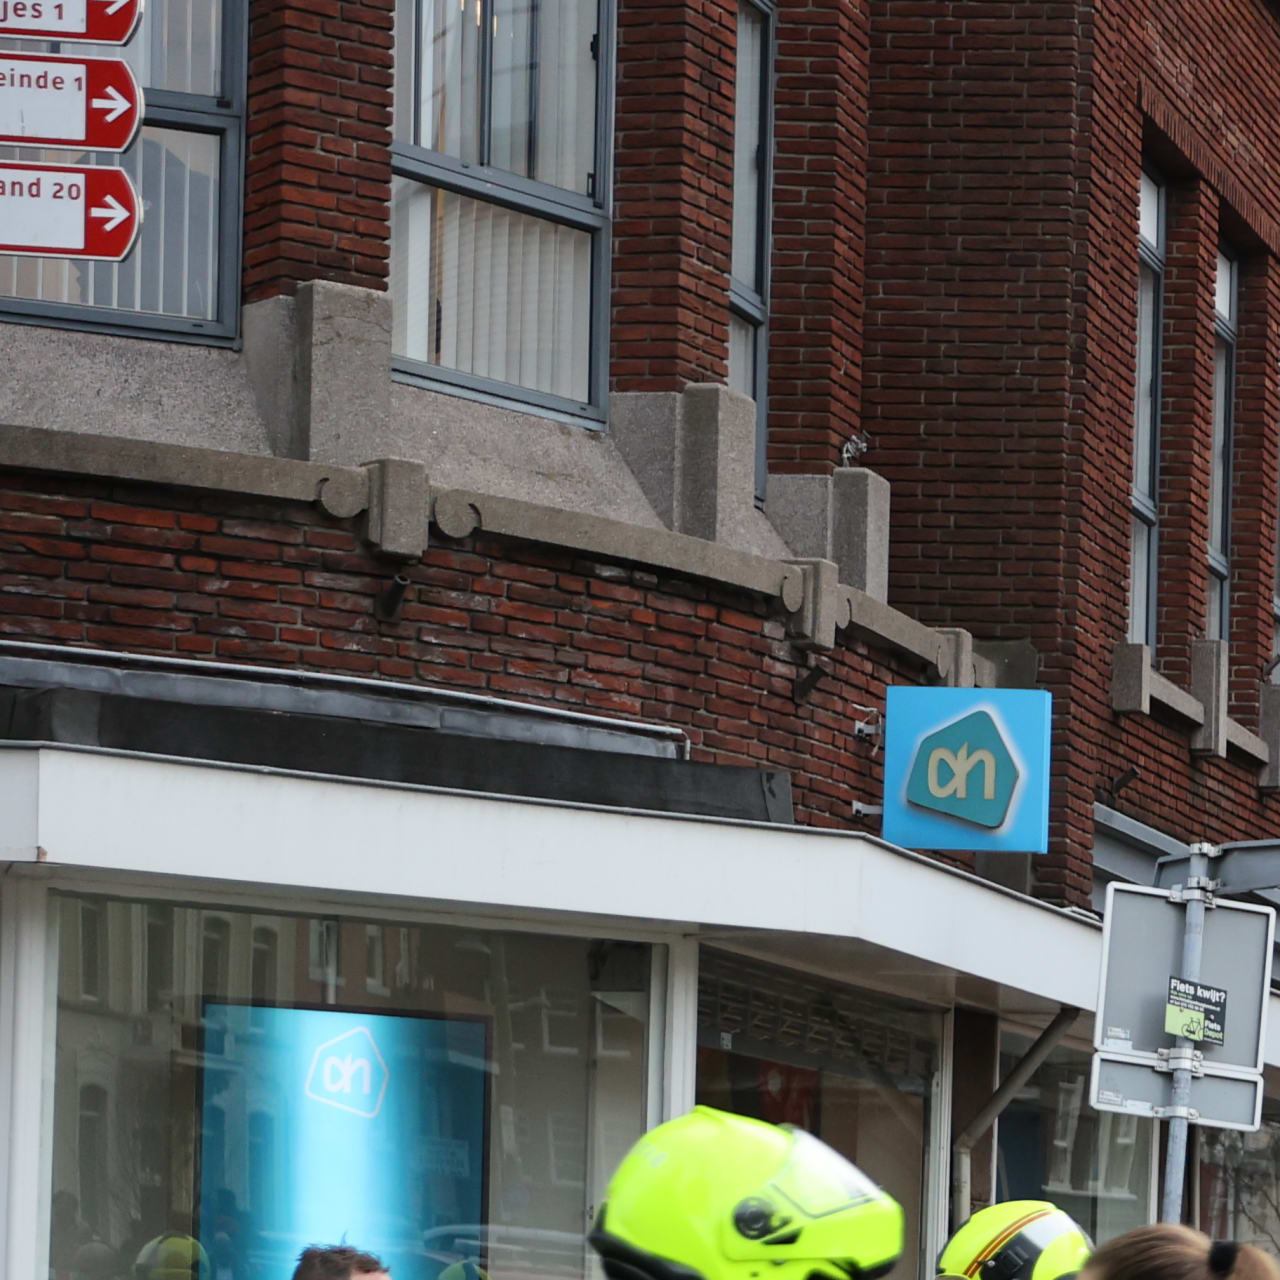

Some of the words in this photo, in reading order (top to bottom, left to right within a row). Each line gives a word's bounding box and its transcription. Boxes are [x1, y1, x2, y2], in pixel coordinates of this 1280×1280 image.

[54, 3, 64, 20] 1
[74, 76, 83, 91] 1
[52, 182, 81, 200] 20
[1170, 978, 1195, 995] Fiets
[1196, 985, 1226, 1003] kwijt?

» Prompt
The records above are to be retyped exactly, with every picture left out.

» Answer area
Some of the words in this photo, in reading order (top to bottom, left to right within a row). Each line gives a word's bounding box and its transcription. Boxes are [x1, y1, x2, y2], in pixel coordinates of this 1280×1280 image.

[54, 3, 64, 20] 1
[74, 76, 83, 91] 1
[52, 182, 81, 200] 20
[1170, 978, 1195, 995] Fiets
[1196, 985, 1226, 1003] kwijt?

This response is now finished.